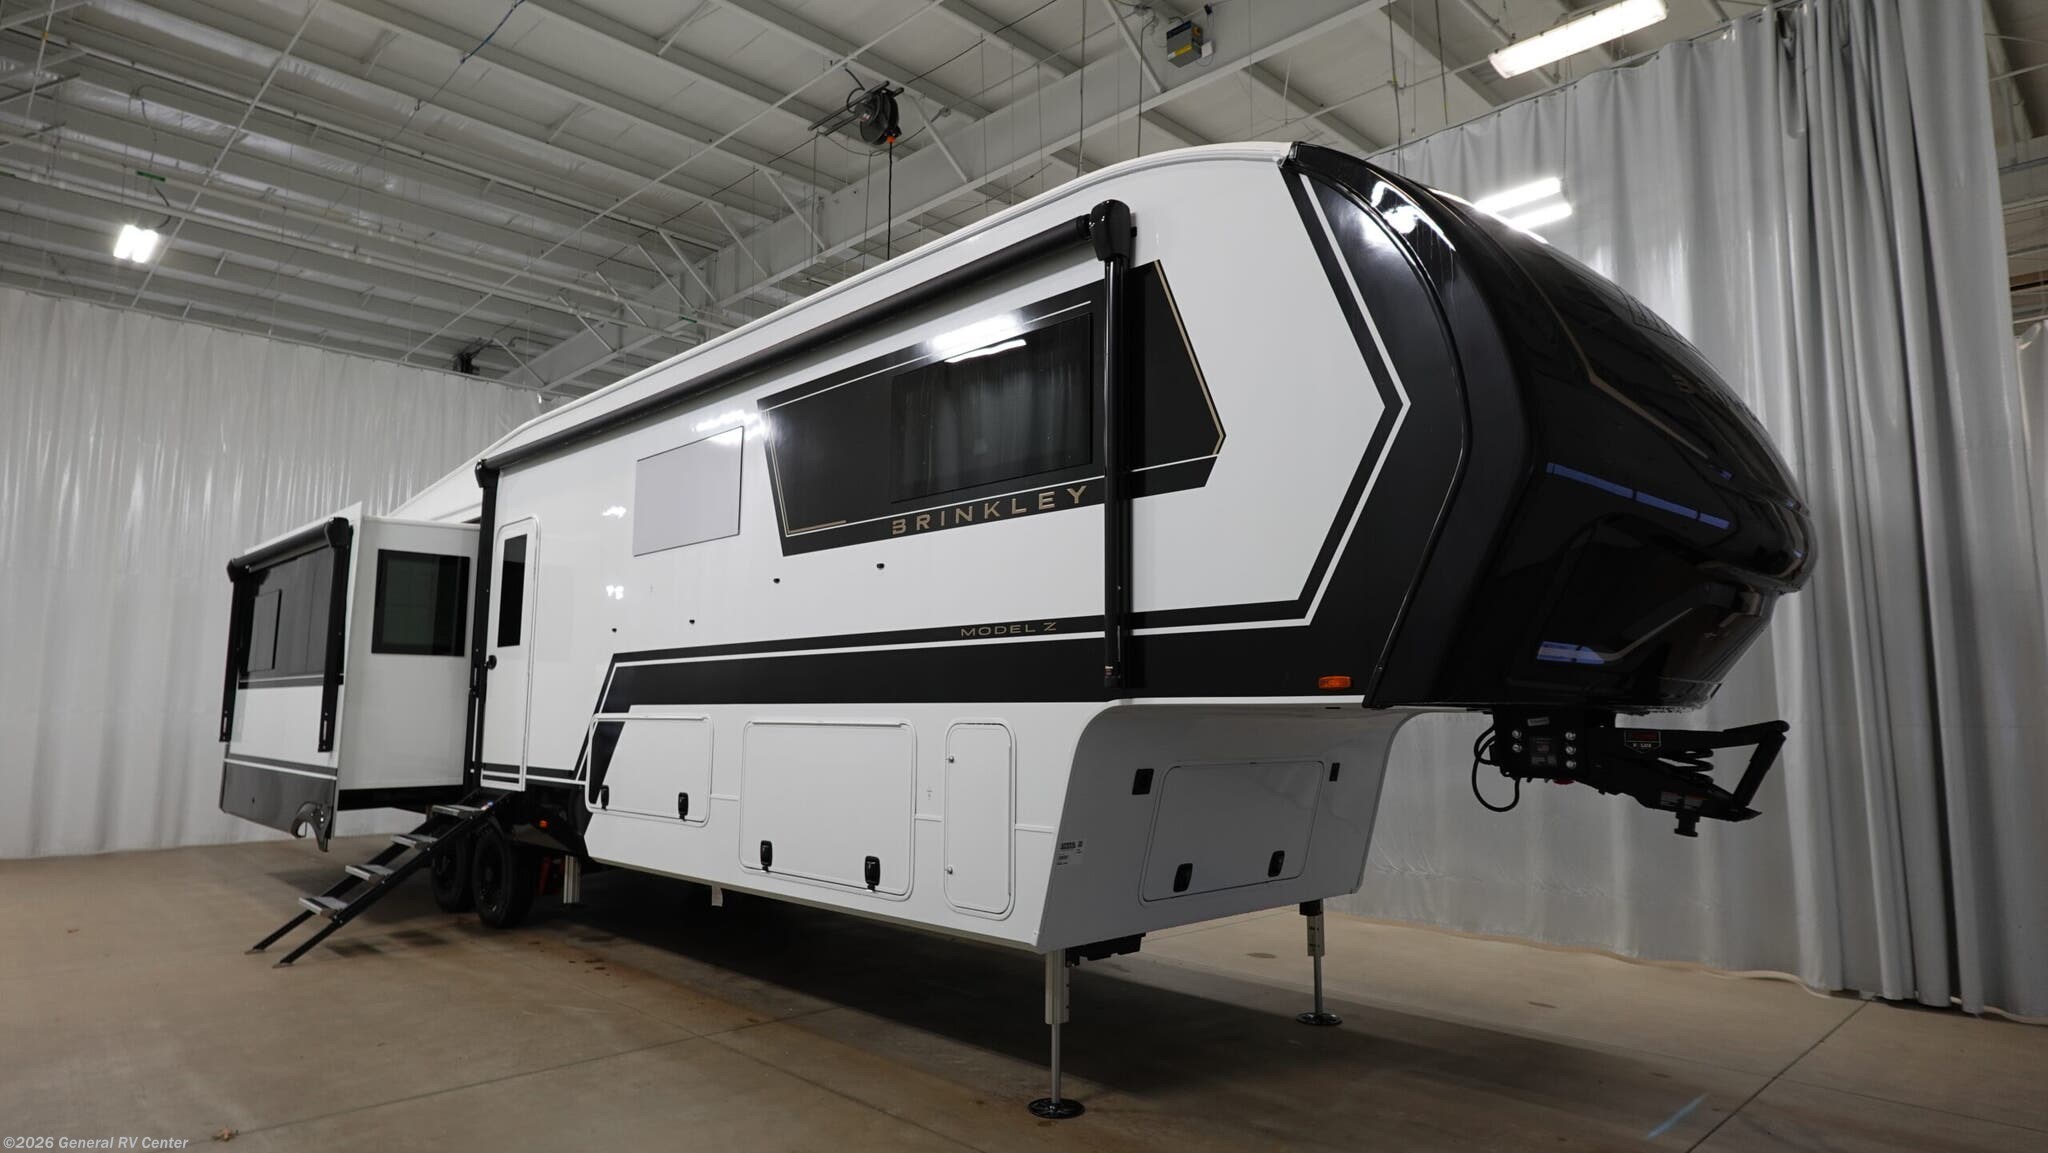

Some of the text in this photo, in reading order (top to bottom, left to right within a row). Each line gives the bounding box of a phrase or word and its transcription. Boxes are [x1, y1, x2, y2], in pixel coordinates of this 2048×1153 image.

[892, 485, 1087, 535] BRINKLEY
[960, 621, 1057, 638] MODEL Z
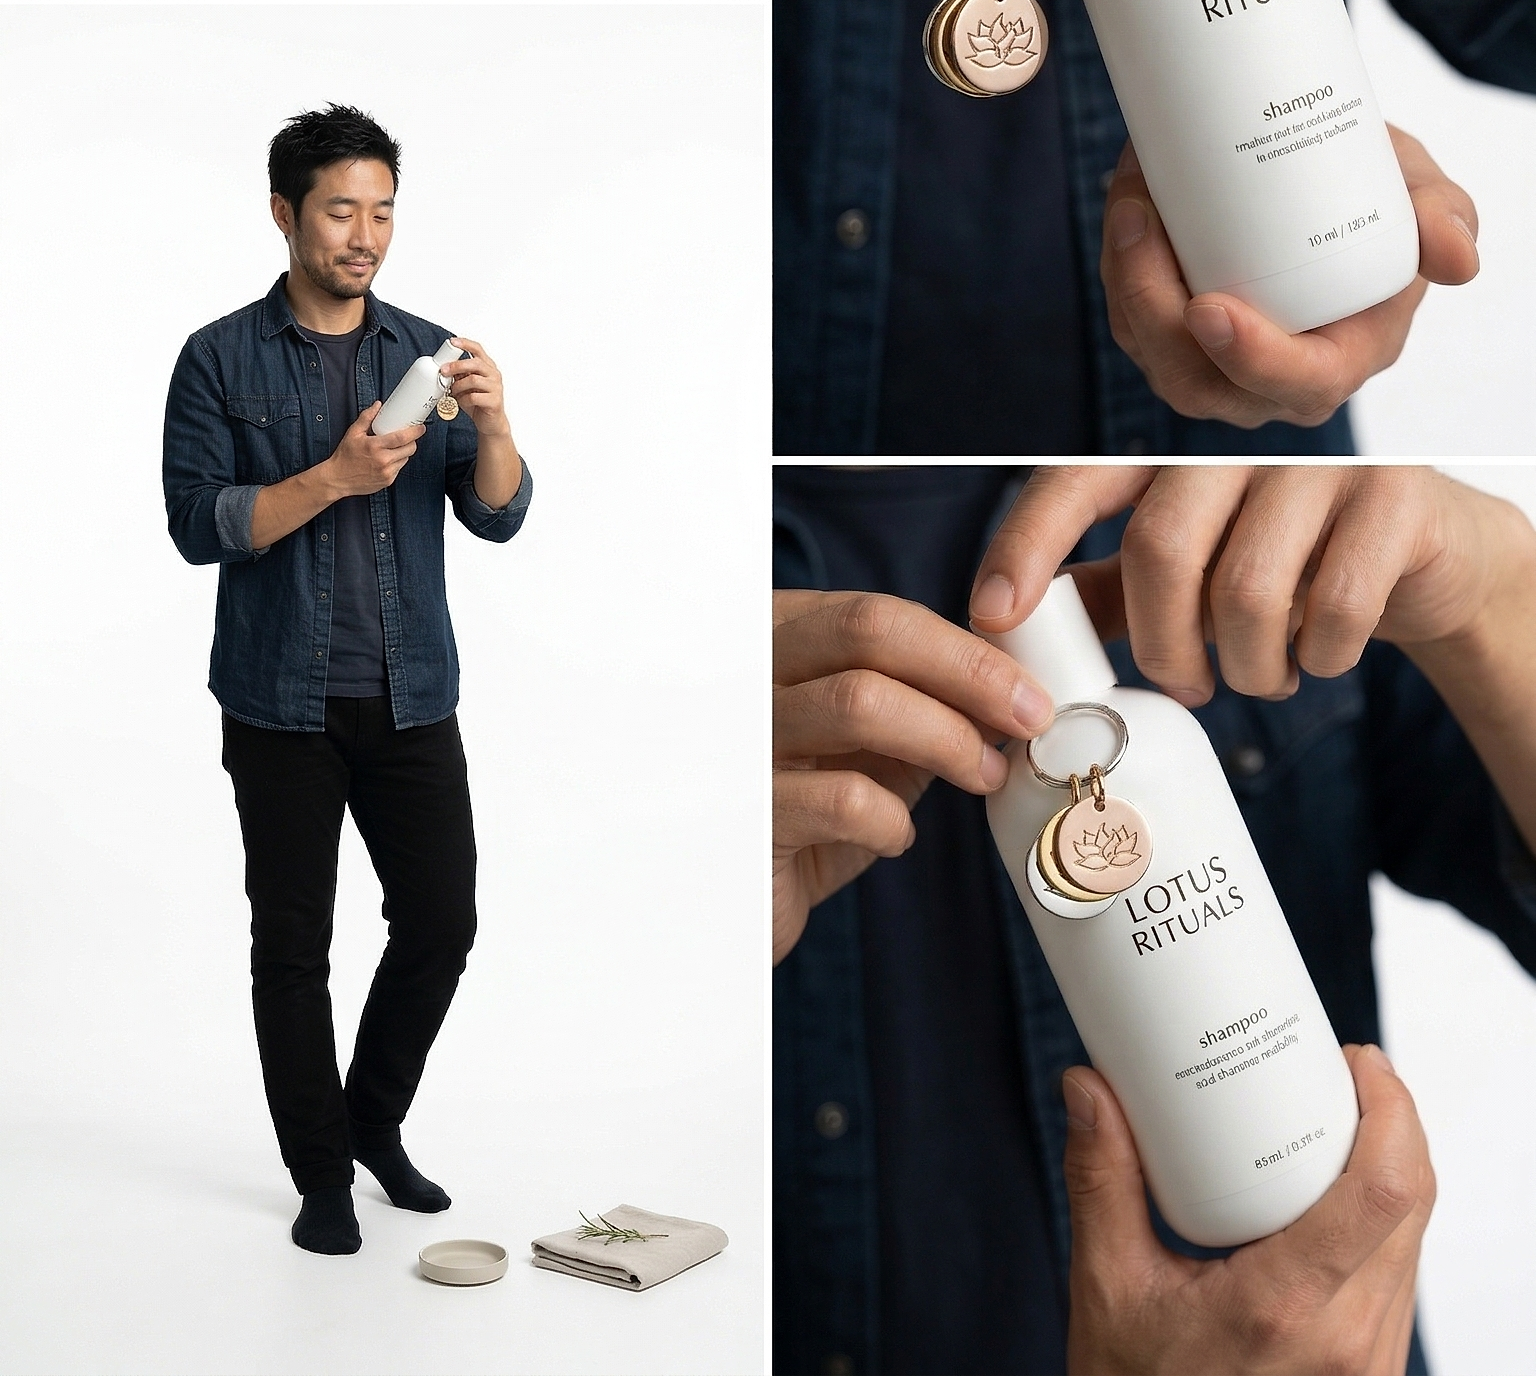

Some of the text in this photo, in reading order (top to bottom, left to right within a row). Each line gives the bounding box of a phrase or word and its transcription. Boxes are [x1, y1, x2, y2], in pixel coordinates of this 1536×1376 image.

[1263, 84, 1334, 122] shampoo
[1124, 856, 1228, 924] LOTUS
[1131, 886, 1245, 956] RITUALS
[1199, 1007, 1269, 1049] shampoo

**********

Exactly as written, set down each line of the records, leaving out the pictures.

Some of the text in this photo, in reading order (top to bottom, left to right within a row). Each line gives the bounding box of a phrase or word and its transcription. Boxes are [x1, y1, x2, y2], in pixel coordinates of this 2048×1153 image.

[892, 485, 1087, 535] BRINKLEY
[960, 621, 1057, 638] MODEL Z

Some of the text in this photo, in reading order (top to bottom, left to right within a row). Each line gives the bounding box of a phrase or word and its transcription. Boxes are [x1, y1, x2, y2], in pixel coordinates of this 1536×1376 image.

[1263, 84, 1334, 122] shampoo
[1124, 856, 1228, 924] LOTUS
[1131, 886, 1245, 956] RITUALS
[1199, 1007, 1269, 1049] shampoo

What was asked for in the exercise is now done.